WORK TASK
The entire listing, reproduced exactly and stripped of images, is the expected output.

SOURCE MATERIAL
------------
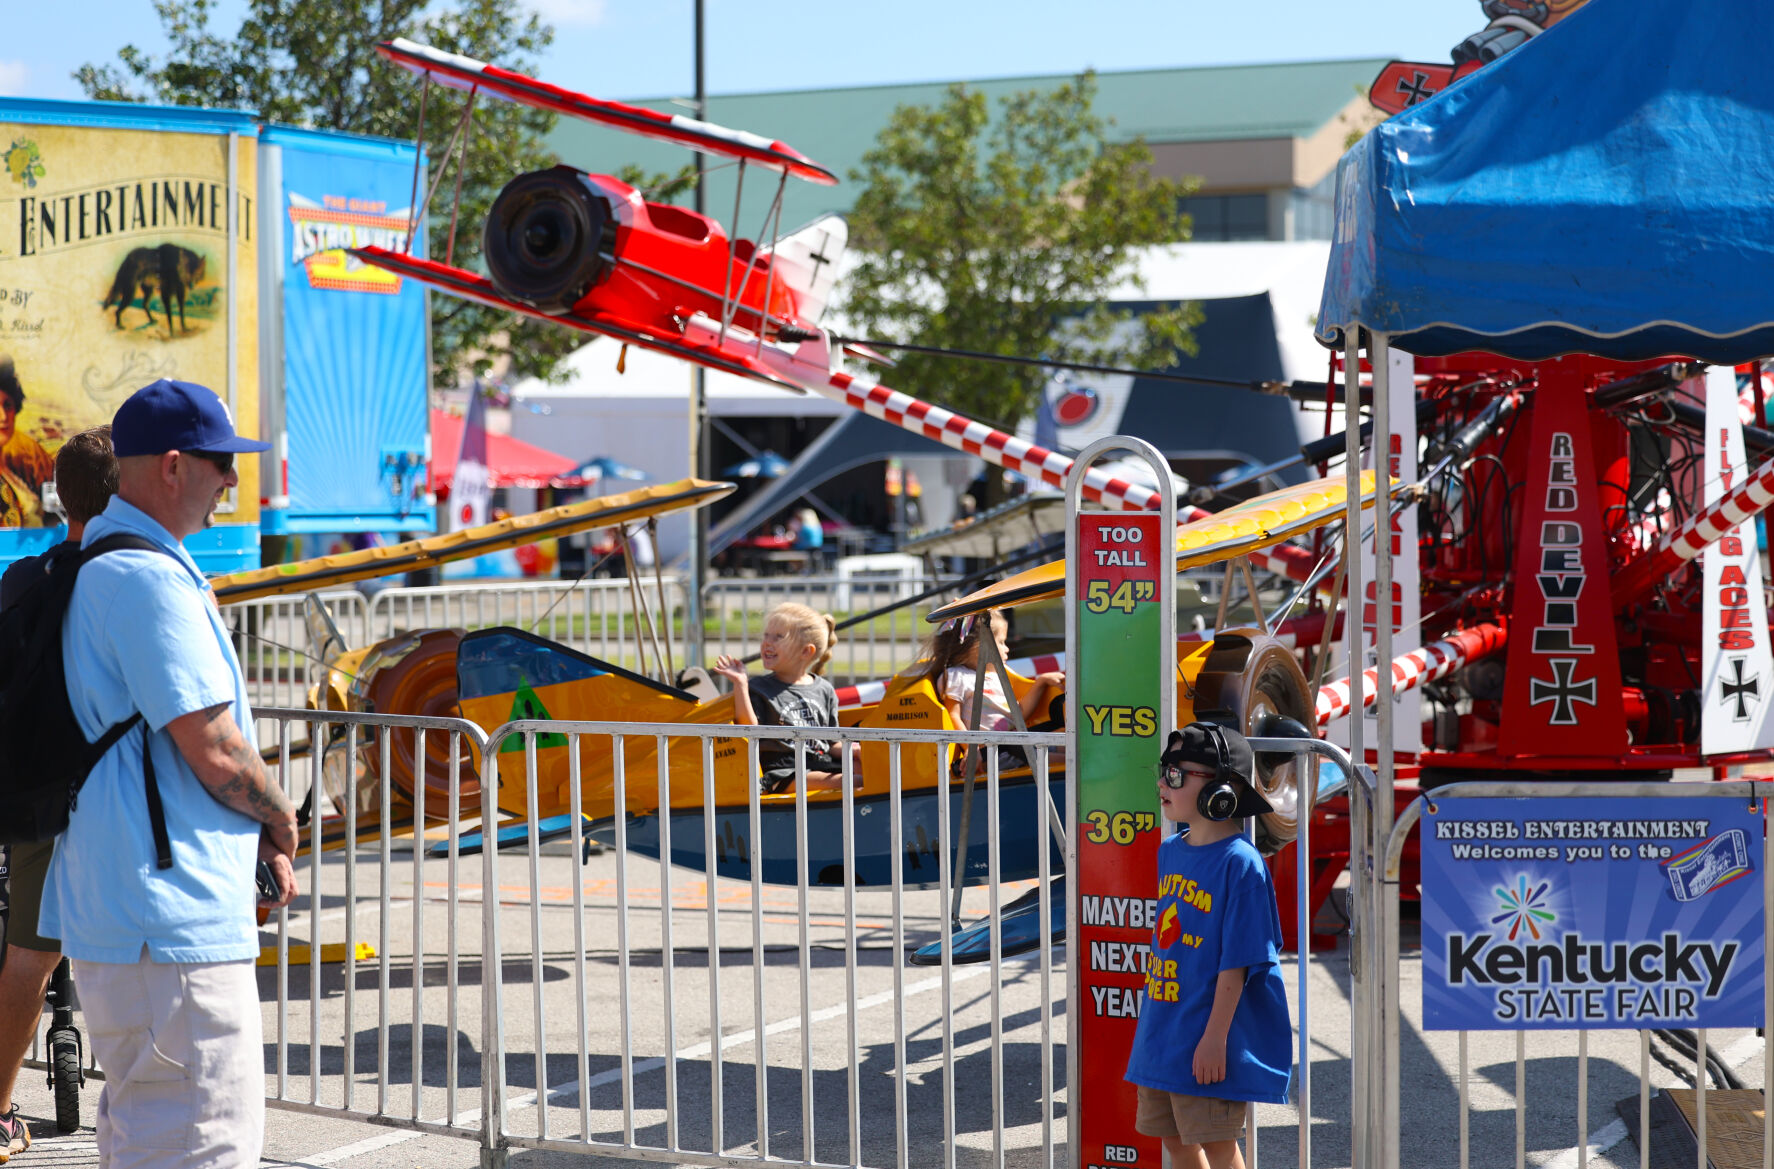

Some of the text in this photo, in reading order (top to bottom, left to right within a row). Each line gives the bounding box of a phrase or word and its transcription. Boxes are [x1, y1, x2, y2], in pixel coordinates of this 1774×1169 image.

[1719, 428, 1743, 556] FLYG
[1098, 526, 1143, 544] TOO
[1532, 432, 1595, 654] RED DEVIL
[1094, 550, 1147, 567] TALL
[1084, 705, 1158, 737] YES
[1436, 820, 1710, 840] KISSEL ENTERTAINMENT
[1453, 844, 1672, 862] Welcomes you to the
[1081, 895, 1158, 929] MAYBE
[1090, 940, 1151, 974] NEXT
[1450, 934, 1738, 997] Kentucky
[1497, 989, 1695, 1019] STATE FAIR
[1104, 1145, 1138, 1163] RED
------------
RESULT FOR THIS EXERCISE
Some of the text in this photo, in reading order (top to bottom, left to right within a row). Each line gives the bounding box of a phrase or word and its transcription. Boxes are [x1, y1, x2, y2], in pixel coordinates of this 1774×1169 image.

[1719, 428, 1743, 556] FLYG
[1098, 526, 1143, 544] TOO
[1532, 432, 1595, 654] RED DEVIL
[1094, 550, 1147, 567] TALL
[1084, 705, 1158, 737] YES
[1436, 820, 1710, 840] KISSEL ENTERTAINMENT
[1453, 844, 1672, 862] Welcomes you to the
[1081, 895, 1158, 929] MAYBE
[1090, 940, 1151, 974] NEXT
[1450, 934, 1738, 997] Kentucky
[1497, 989, 1695, 1019] STATE FAIR
[1104, 1145, 1138, 1163] RED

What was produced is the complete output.